Go through the listing that follows and write it out exactly. Drop the pictures.

-------

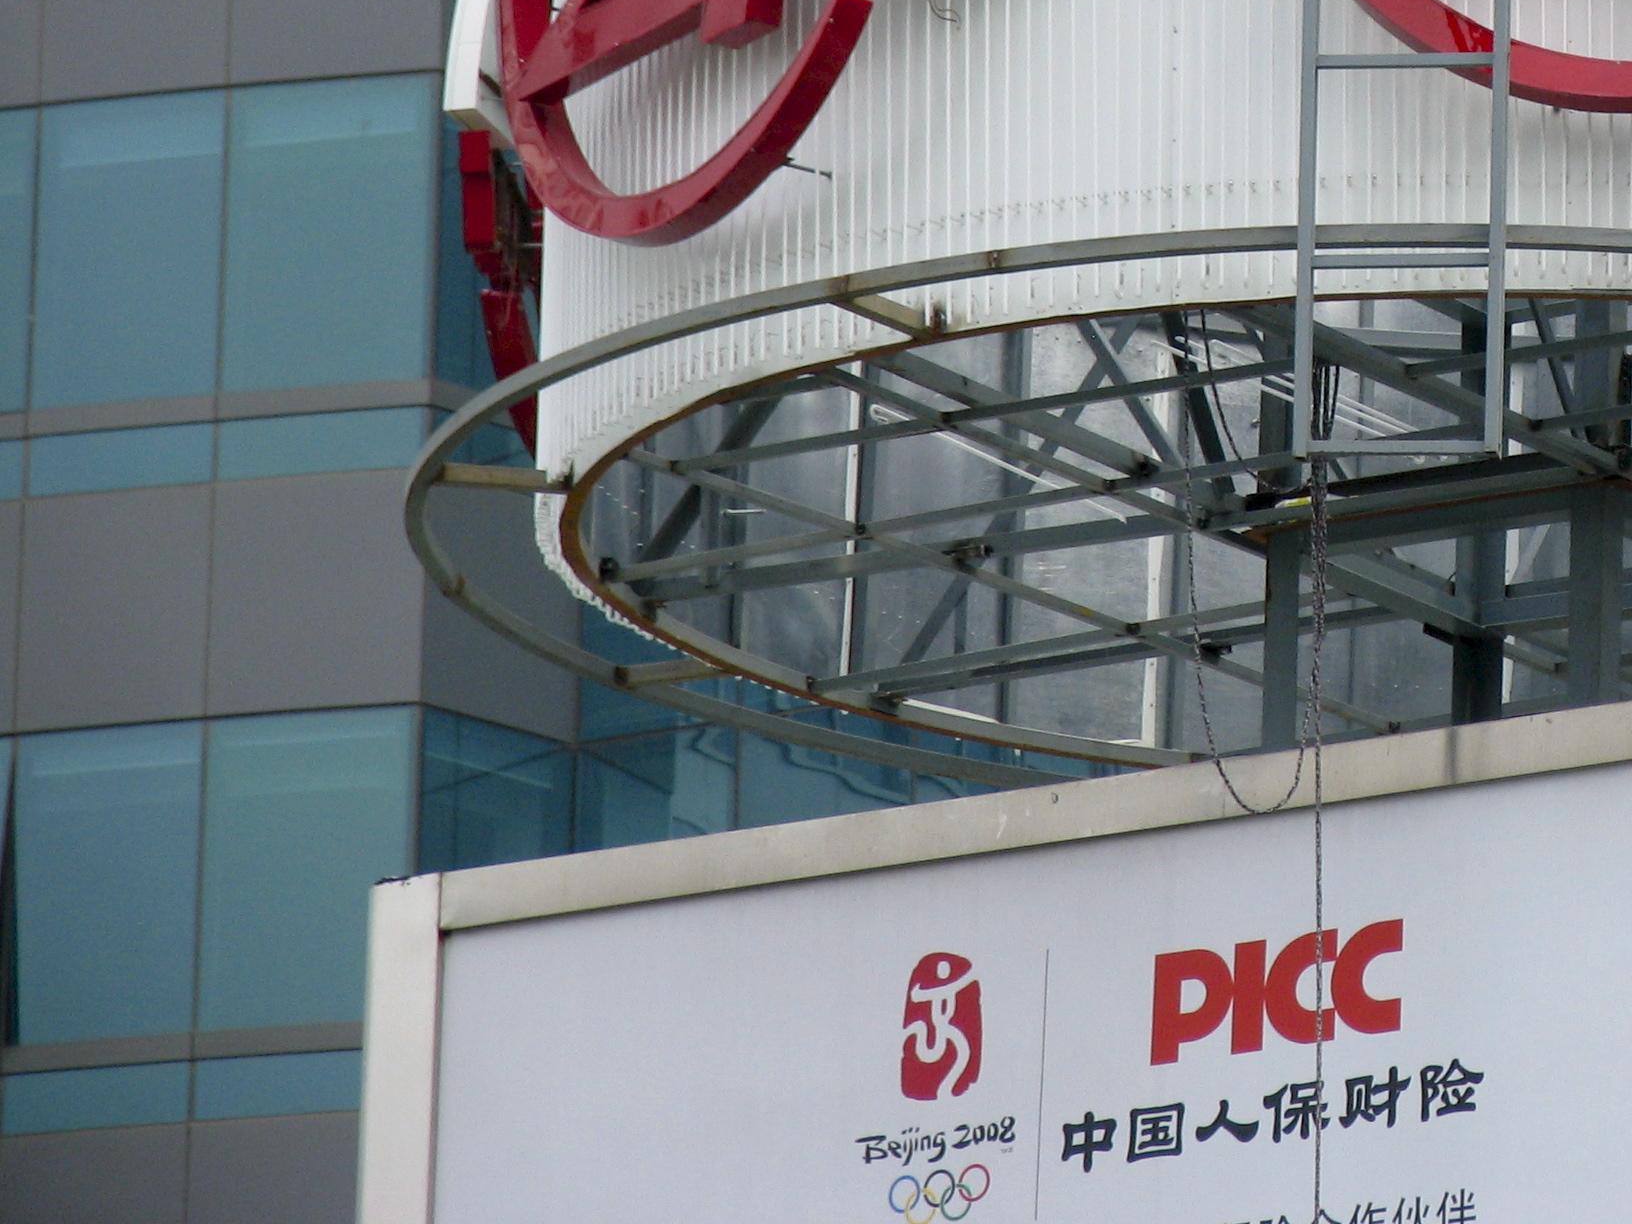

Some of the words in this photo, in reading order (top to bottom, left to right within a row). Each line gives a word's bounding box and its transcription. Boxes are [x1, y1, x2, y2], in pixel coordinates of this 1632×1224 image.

[1150, 918, 1404, 1065] PICC
[855, 1127, 947, 1166] Beijing
[951, 1116, 1016, 1149] 2008
[1061, 1058, 1485, 1173] 中国人保财险
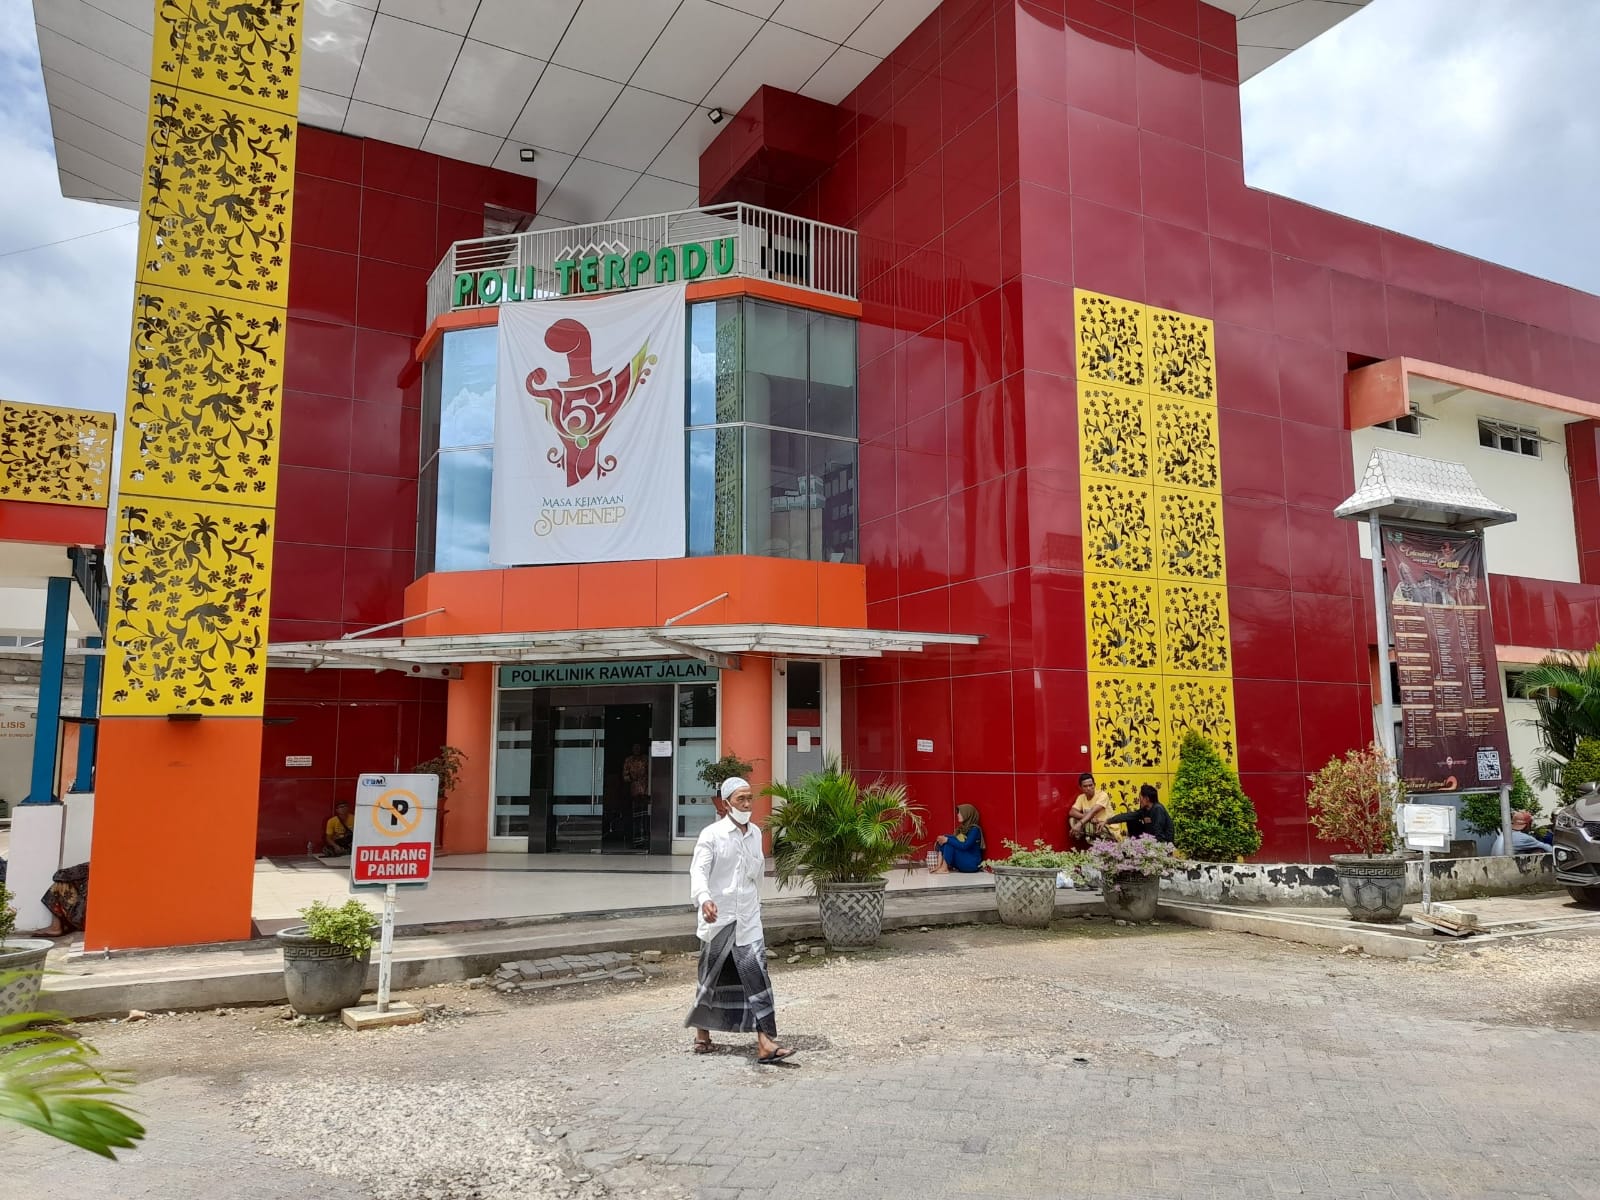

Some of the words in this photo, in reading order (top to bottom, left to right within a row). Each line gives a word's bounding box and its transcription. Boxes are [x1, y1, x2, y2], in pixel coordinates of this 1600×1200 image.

[454, 265, 534, 306] POLI
[555, 238, 734, 294] TERPADU
[542, 496, 572, 508] MASA
[574, 494, 625, 508] KEJAYAAN
[533, 505, 626, 537] SUMENEP
[512, 667, 594, 682] POLIKLINIK
[600, 665, 653, 680] RAWAT
[657, 664, 707, 677] JALAN
[360, 849, 426, 861] DILARANG
[368, 863, 417, 876] PARKIR
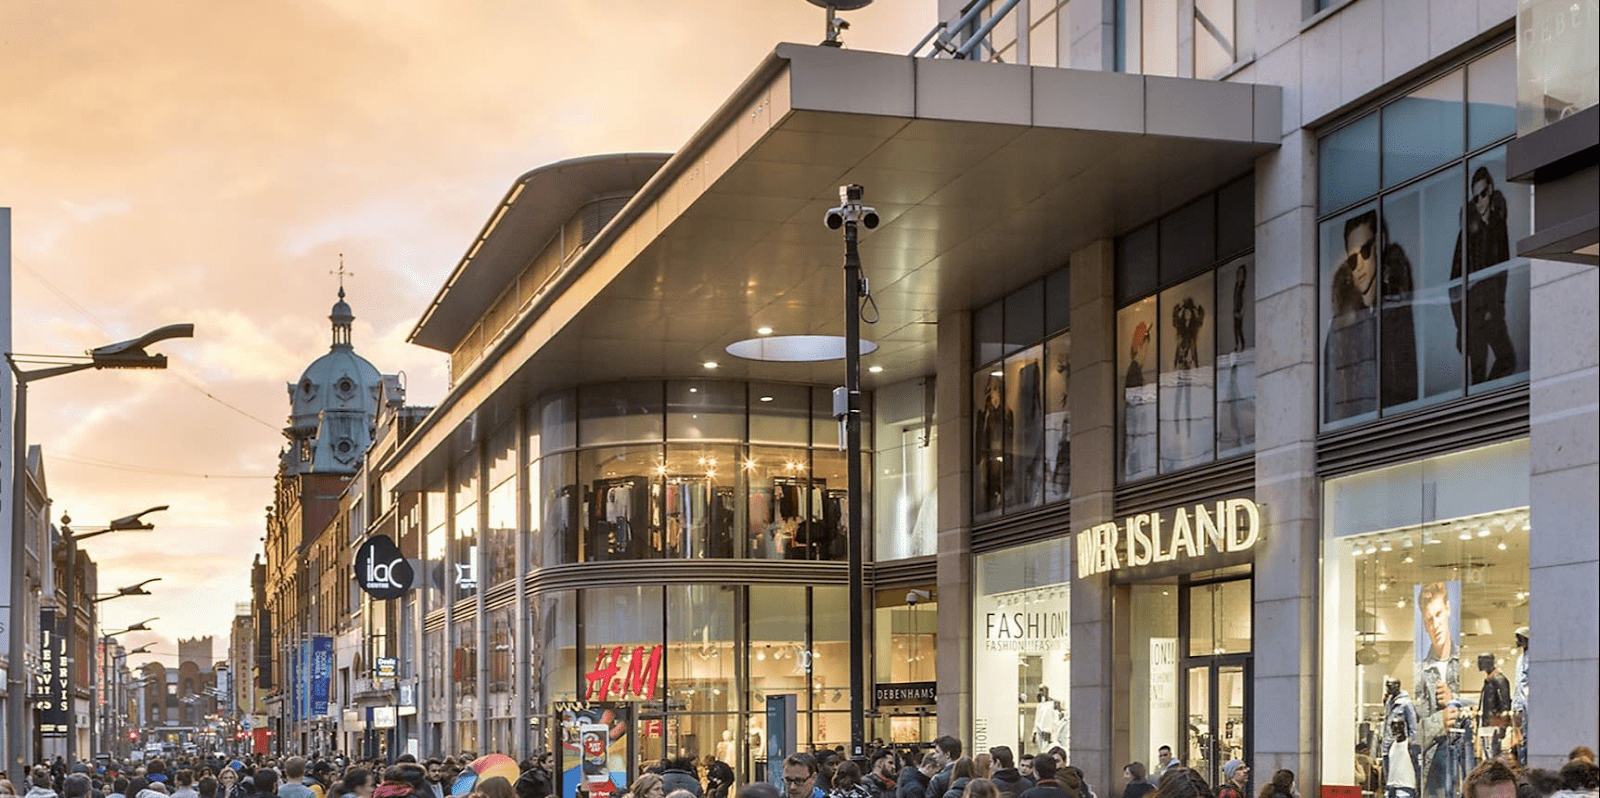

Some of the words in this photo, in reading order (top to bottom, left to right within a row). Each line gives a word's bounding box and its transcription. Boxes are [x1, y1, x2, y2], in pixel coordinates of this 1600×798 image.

[1126, 498, 1260, 567] ISLAND
[366, 545, 403, 588] ilac
[59, 638, 68, 711] JERVIS
[585, 644, 662, 701] H&M
[876, 688, 935, 700] DEBENHAMS
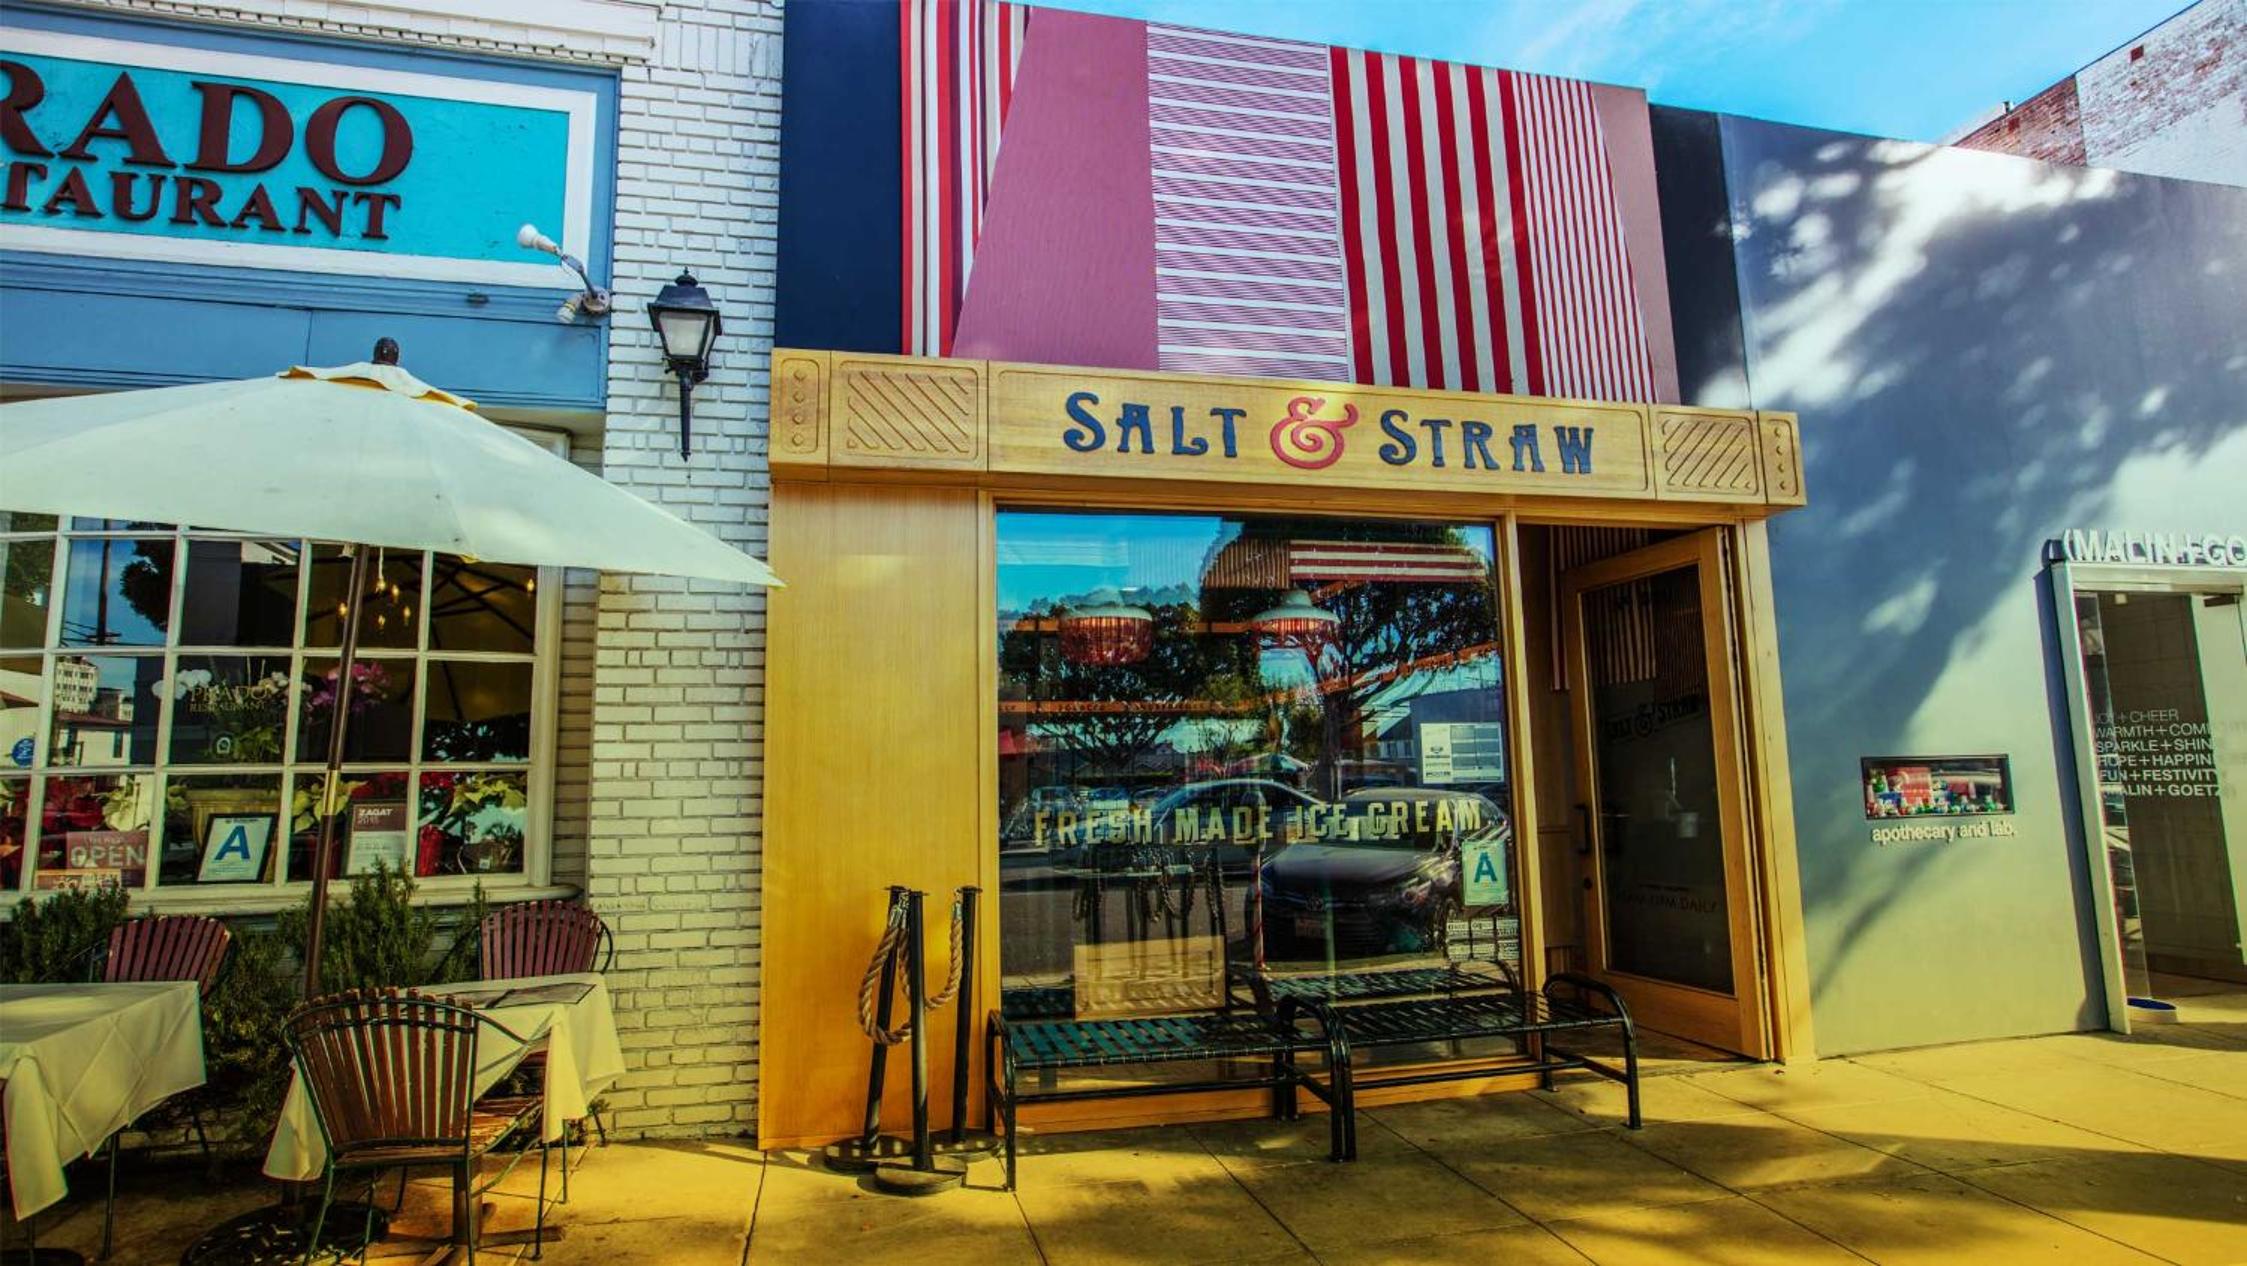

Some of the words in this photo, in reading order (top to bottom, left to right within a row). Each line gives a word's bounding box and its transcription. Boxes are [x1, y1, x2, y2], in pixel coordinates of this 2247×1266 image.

[1, 161, 401, 241] TAURANT
[1063, 391, 1247, 458] SALT
[1269, 397, 1358, 469] &
[1378, 409, 1594, 474] STRAW
[1034, 807, 1153, 847] FRESH
[1173, 805, 1273, 845] MADE
[1295, 802, 1349, 839] ICE
[1366, 798, 1482, 840] CREAM
[1872, 825, 1956, 845] apothecary
[1959, 822, 1988, 838] and
[70, 846, 146, 869] OPEN
[213, 825, 251, 861] A
[1473, 852, 1498, 883] A

-------

Output below:
Some of the words in this photo, in reading order (top to bottom, left to right within a row). Each line gives a word's bounding box and its transcription. Boxes are [x1, y1, x2, y2], in pixel coordinates of this 1632×1224 image.

[1150, 918, 1404, 1065] PICC
[855, 1127, 947, 1166] Beijing
[951, 1116, 1016, 1149] 2008
[1061, 1058, 1485, 1173] 中国人保财险

Some of the words in this photo, in reading order (top to bottom, left to right within a row). Each line gives a word's bounding box and its transcription. Boxes are [x1, y1, x2, y2], in pixel coordinates of this 1600×1200 image.

[454, 265, 534, 306] POLI
[555, 238, 734, 294] TERPADU
[542, 496, 572, 508] MASA
[574, 494, 625, 508] KEJAYAAN
[533, 505, 626, 537] SUMENEP
[512, 667, 594, 682] POLIKLINIK
[600, 665, 653, 680] RAWAT
[657, 664, 707, 677] JALAN
[360, 849, 426, 861] DILARANG
[368, 863, 417, 876] PARKIR

Some of the words in this photo, in reading order (top to bottom, left to right within a row). Each line gives a word's bounding box and its transcription. Boxes are [x1, y1, x2, y2], in pixel coordinates of this 1600×798 image.

[1126, 498, 1260, 567] ISLAND
[366, 545, 403, 588] ilac
[59, 638, 68, 711] JERVIS
[585, 644, 662, 701] H&M
[876, 688, 935, 700] DEBENHAMS

Some of the words in this photo, in reading order (top to bottom, left to right within a row). Each line gives a word's bounding box and its transcription. Boxes are [x1, y1, x2, y2], in pixel coordinates of this 2247×1266 image.

[1, 161, 401, 241] TAURANT
[1063, 391, 1247, 458] SALT
[1269, 397, 1358, 469] &
[1378, 409, 1594, 474] STRAW
[1034, 807, 1153, 847] FRESH
[1173, 805, 1273, 845] MADE
[1295, 802, 1349, 839] ICE
[1366, 798, 1482, 840] CREAM
[1872, 825, 1956, 845] apothecary
[1959, 822, 1988, 838] and
[70, 846, 146, 869] OPEN
[213, 825, 251, 861] A
[1473, 852, 1498, 883] A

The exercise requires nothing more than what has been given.